As you'll know if you've been following my posts for a few months, I have unexpectedly found myself with a deep interest in the abusive production conditions of Wes Craven's The Last House on the Left (1972). In 1997 with a second edition in 2000 (the one I own), David Szulkin's book Wes Craven's Last House on the Left: The Making of a Cult Classic appeared from British publisher FAB Press. It is the only place star Sandra Peabody (also known here as Sandra Cassell) has ever spoken on the record about the movie.

During the chronological chapter following how the film was made, inevitably one segment focused on the pivotal scene where Krug (the lead villain) rapes Mari (a kidnapped young woman). Szulkin asked four people involved for their thoughts. Their quotes were presented without editorial framing. I have added each person's position on set after their name, but otherwise they are verbatim. The square brackets are in the original. "Lucy" is Lucy Grantham, not in this scene but playing Phyllis, another kidnapped young woman in the story.

Wes Craven, director: "You know, the character of Mari took an enormous amount of abuse. I liked Sandra Peabody a lot; I thought she was very pretty, and very plucky... because she was a very young actress, she wasn't nearly as confident and easygoing as Lucy was, and she had become involved in something that was very, very rough. And she hung in there. When the character was raped, she was treated very roughly, and I know Sandra said to me afterwards, 'My God... I had the feeling they really hated me.'"

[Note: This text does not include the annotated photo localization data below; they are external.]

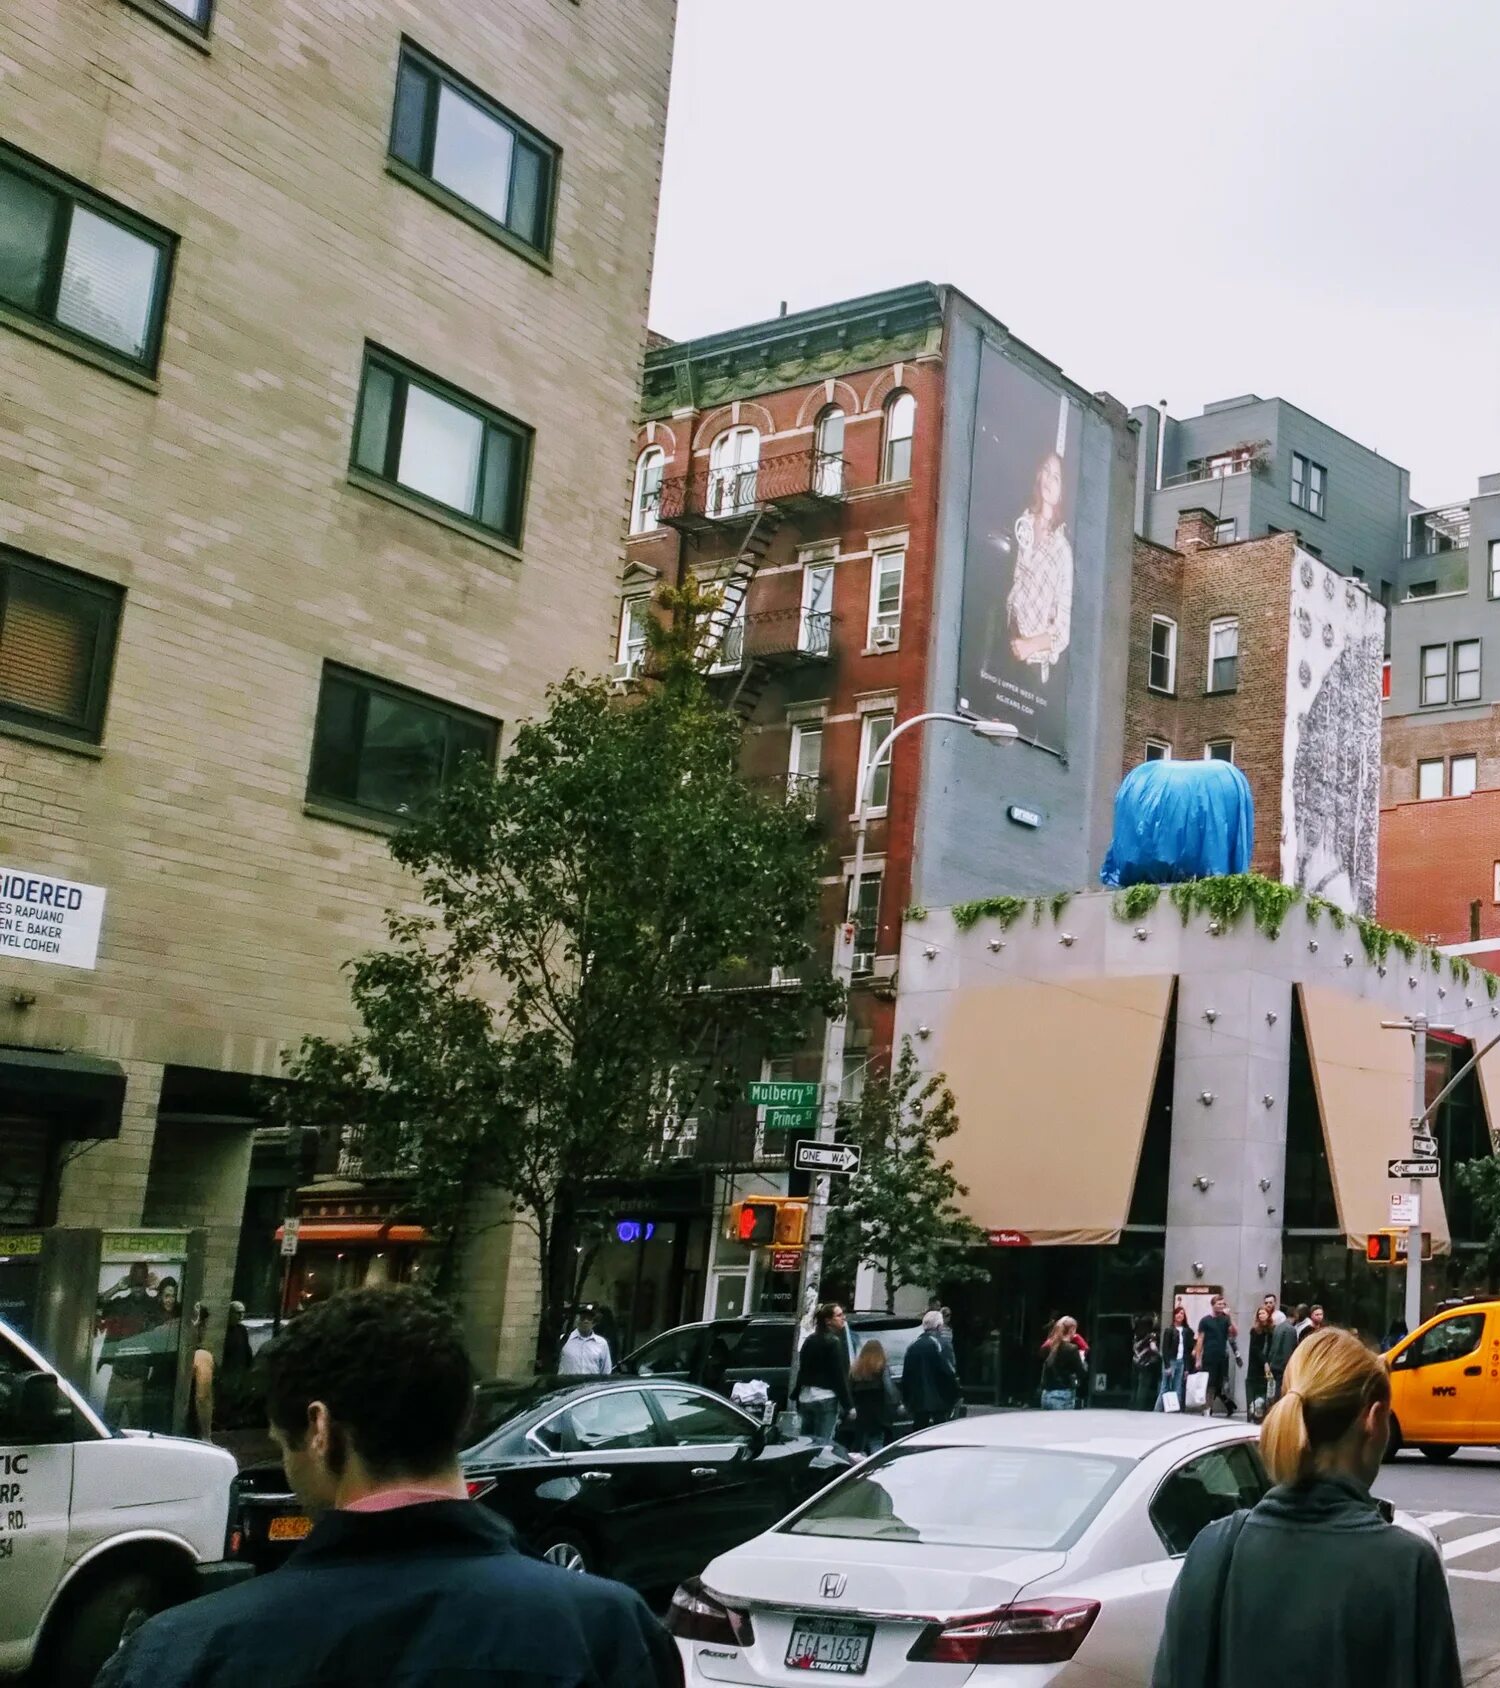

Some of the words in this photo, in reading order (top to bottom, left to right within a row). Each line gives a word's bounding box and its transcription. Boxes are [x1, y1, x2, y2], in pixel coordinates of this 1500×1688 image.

[0, 874, 82, 911] IDERED
[15, 904, 64, 924] RAPUANO
[27, 922, 62, 939] BAKER
[23, 937, 60, 954] COHEN
[751, 1085, 804, 1105] Mulberry
[771, 1111, 802, 1126] Prince
[802, 1150, 821, 1161] ONE
[831, 1152, 851, 1164] WAY
[1394, 1164, 1409, 1173] ONE
[1418, 1164, 1435, 1172] WAY
[1432, 1386, 1457, 1397] NYC
[698, 1649, 738, 1660] Accord
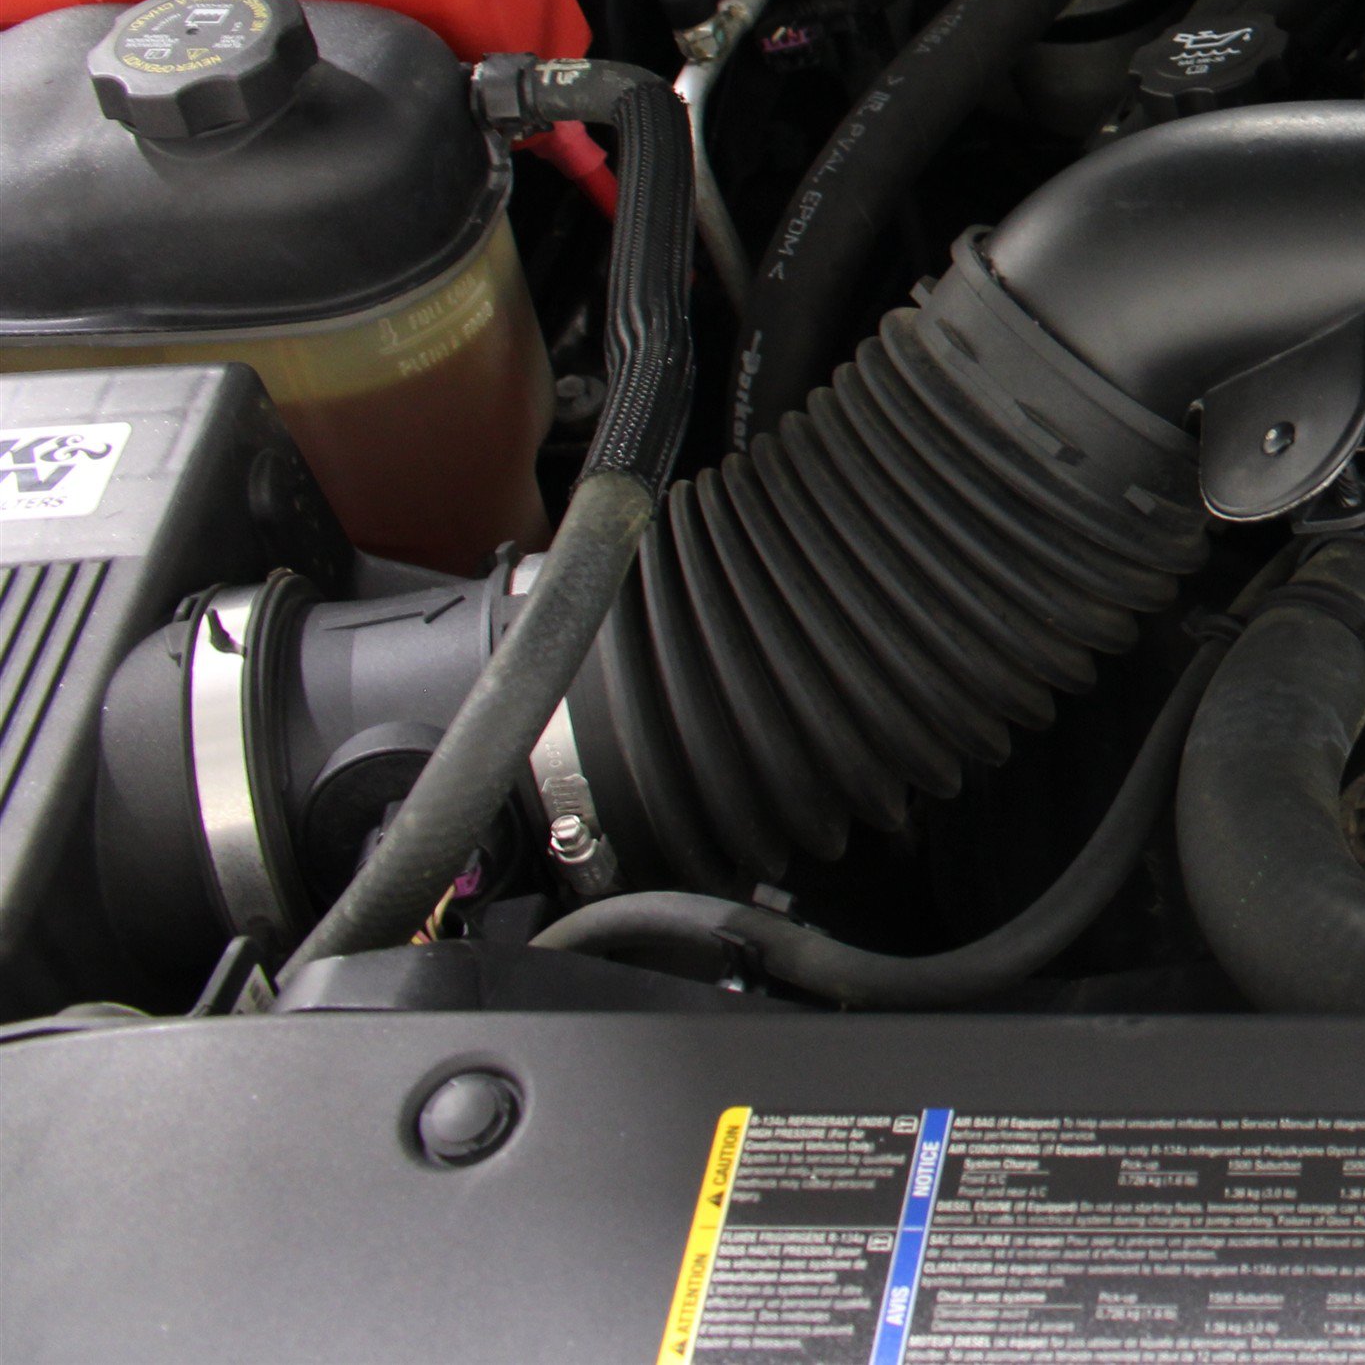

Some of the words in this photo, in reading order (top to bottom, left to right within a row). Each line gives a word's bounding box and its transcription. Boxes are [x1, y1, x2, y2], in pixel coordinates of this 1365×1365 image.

Sandra Cassell, Mari: "No comment."

David Hess, Krug: "That was a difficult scene, because my style of acting is to go over the edge during rehearsal... to push it as far as I can possibly push it, just to see how far I can go. And then I set my parameters. Once I draw that box, once I have those boundaries, then I'm free to do whatever I want within my character. I think I frightened her a few times... I actually got pretty physical with her. She may have been a little bit intimidated, because she couldn't back off when the camera was running."

Yvonne Hannemann, assistant director: "That one scene was really quite upsetting. I know Sandra had to be consoled; it really got very rough. And I think they [the actors] all got very emotional. Of course, David Hess was just so frightening, that a lot of the acting was sort of method acting."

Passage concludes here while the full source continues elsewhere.